[Phrase grounding data]
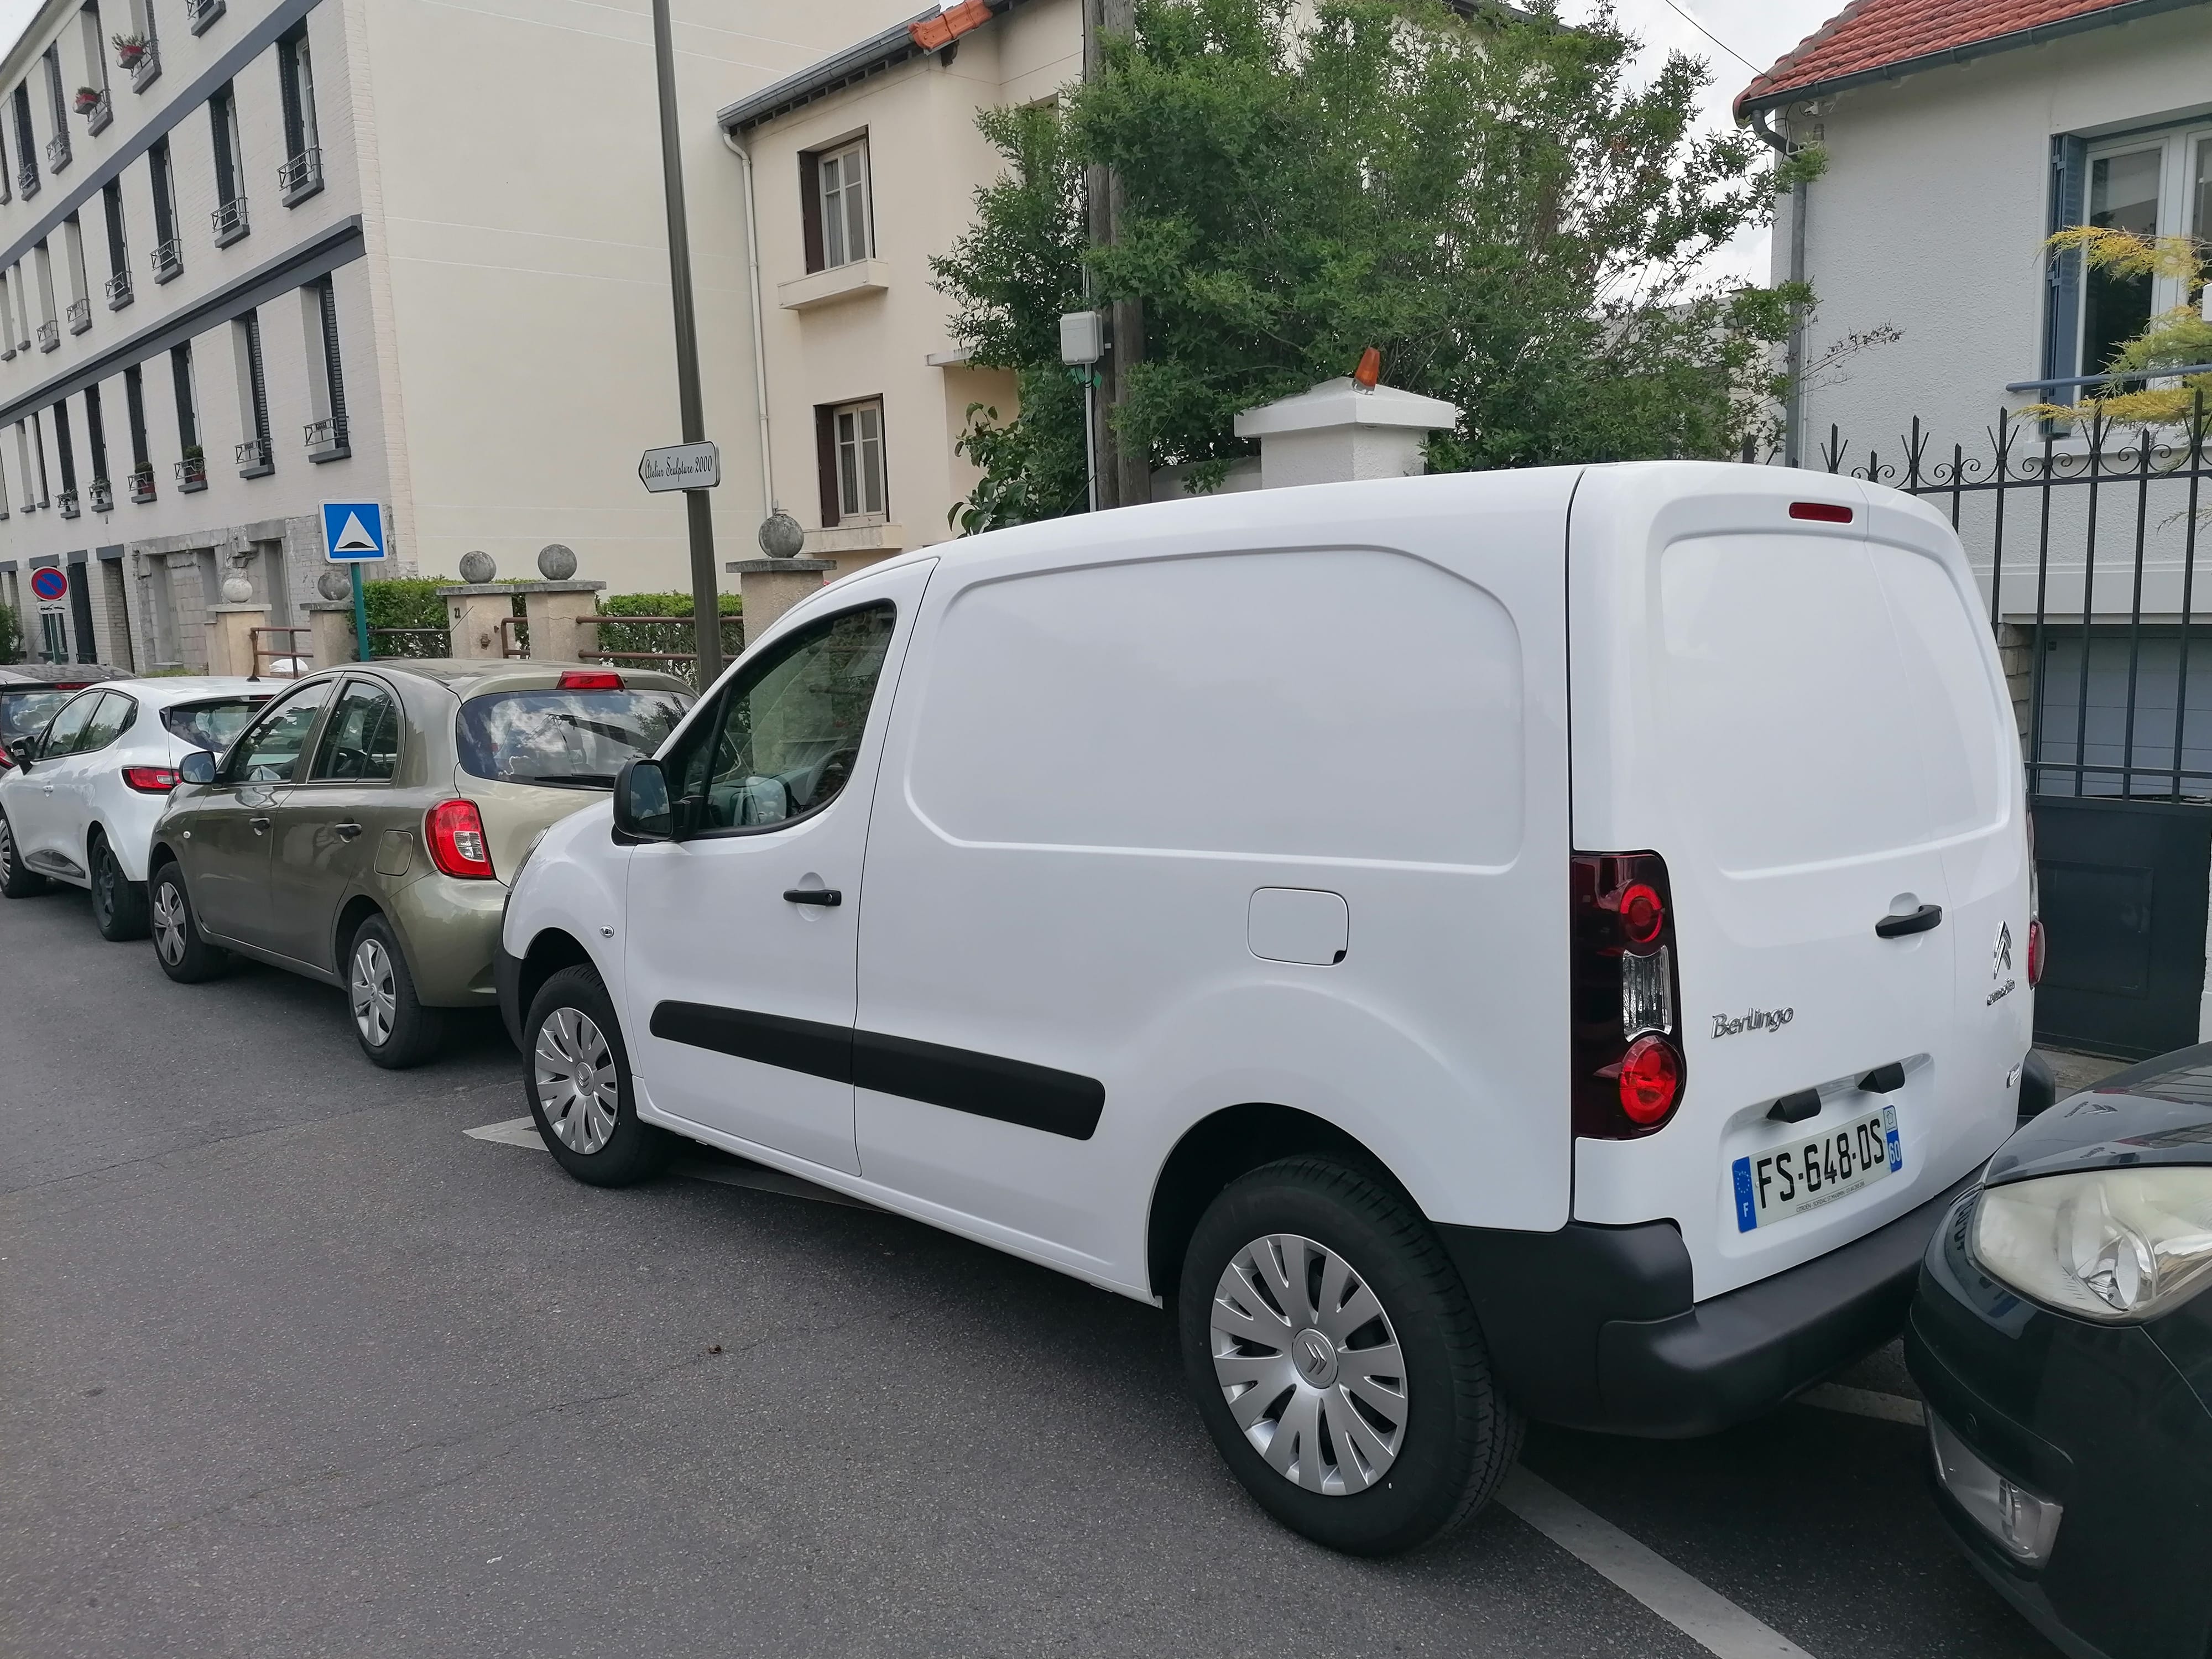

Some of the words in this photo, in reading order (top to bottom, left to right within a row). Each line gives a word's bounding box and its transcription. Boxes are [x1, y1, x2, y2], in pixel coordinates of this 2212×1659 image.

[645, 459, 664, 479] Atelier
[666, 456, 694, 482] Sculpture
[695, 455, 712, 473] 2000
[1711, 1007, 1794, 1039] Berlingo
[1756, 1118, 1885, 1209] FS-648-DS
[1888, 1140, 1901, 1164] 60
[1743, 1202, 1749, 1217] F
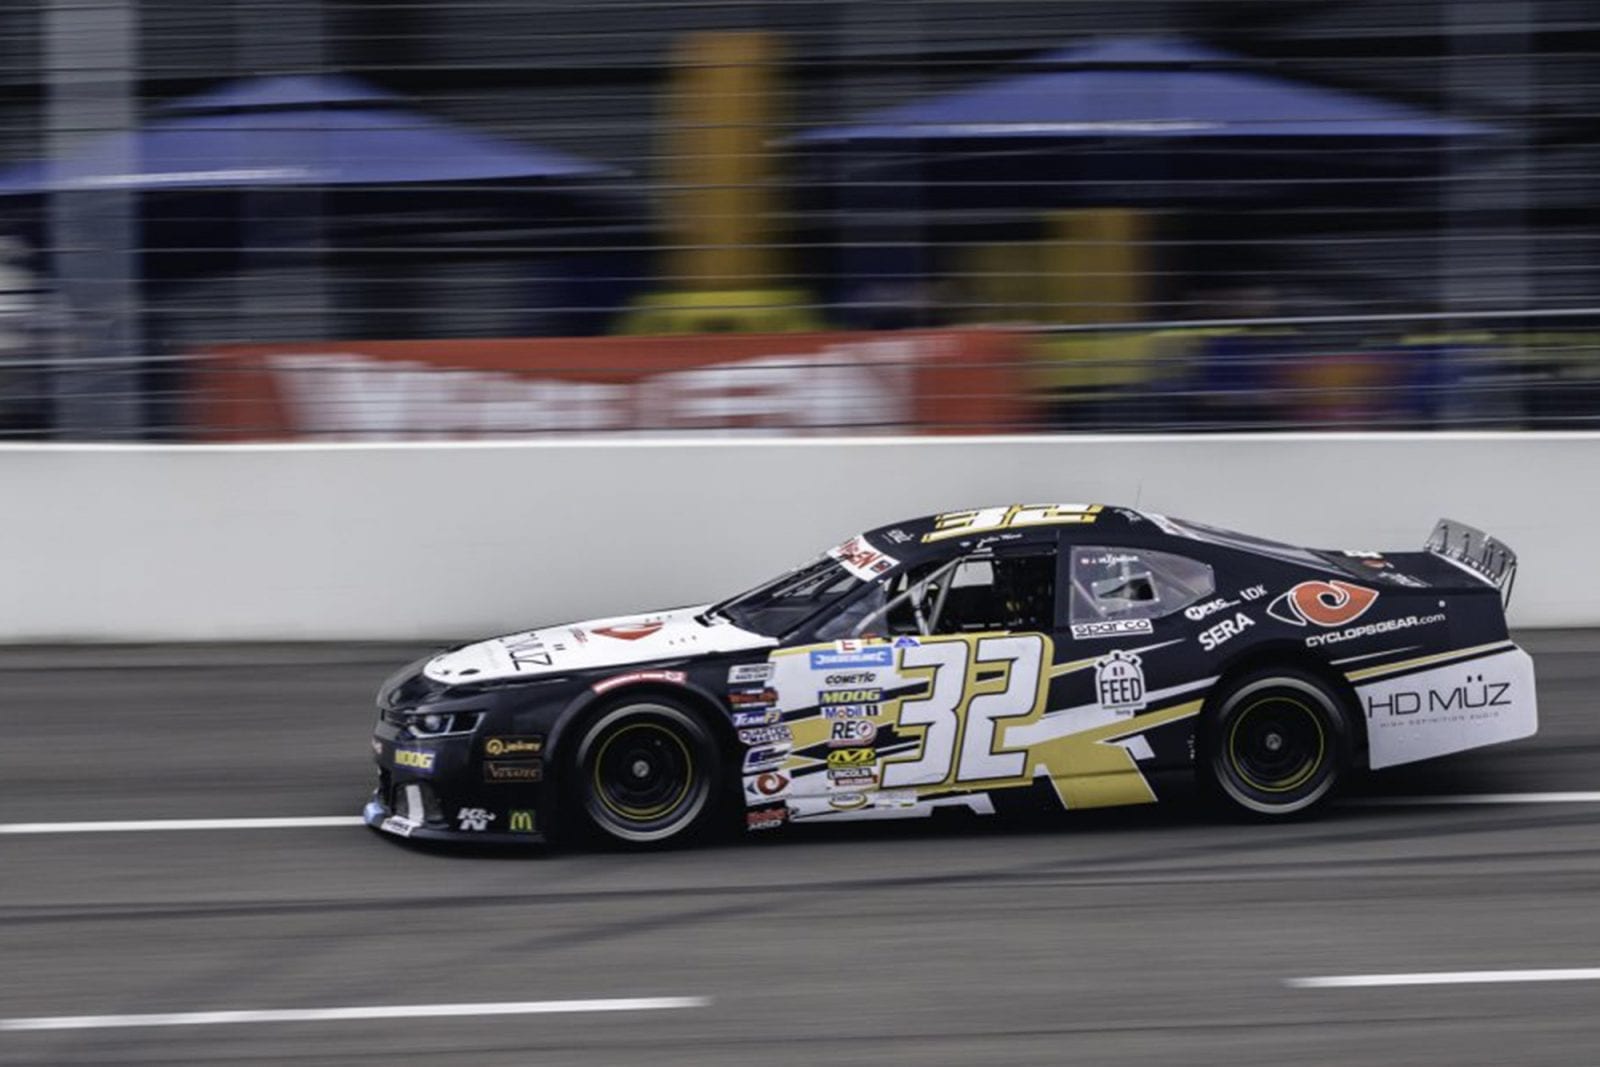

§ **Assignment**
Each entry above should be restated word for word, though no picture may appear in the copy.

§ **Result of this exercise**
Some of the words in this photo, in reading order (top to bottom, left to right within a row). Each line gives a word's bounding box and its transcription. Boxes are [x1, y1, x2, y2], in pixel coordinates of this 2212×1659 image.

[645, 459, 664, 479] Atelier
[666, 456, 694, 482] Sculpture
[695, 455, 712, 473] 2000
[1711, 1007, 1794, 1039] Berlingo
[1756, 1118, 1885, 1209] FS-648-DS
[1888, 1140, 1901, 1164] 60
[1743, 1202, 1749, 1217] F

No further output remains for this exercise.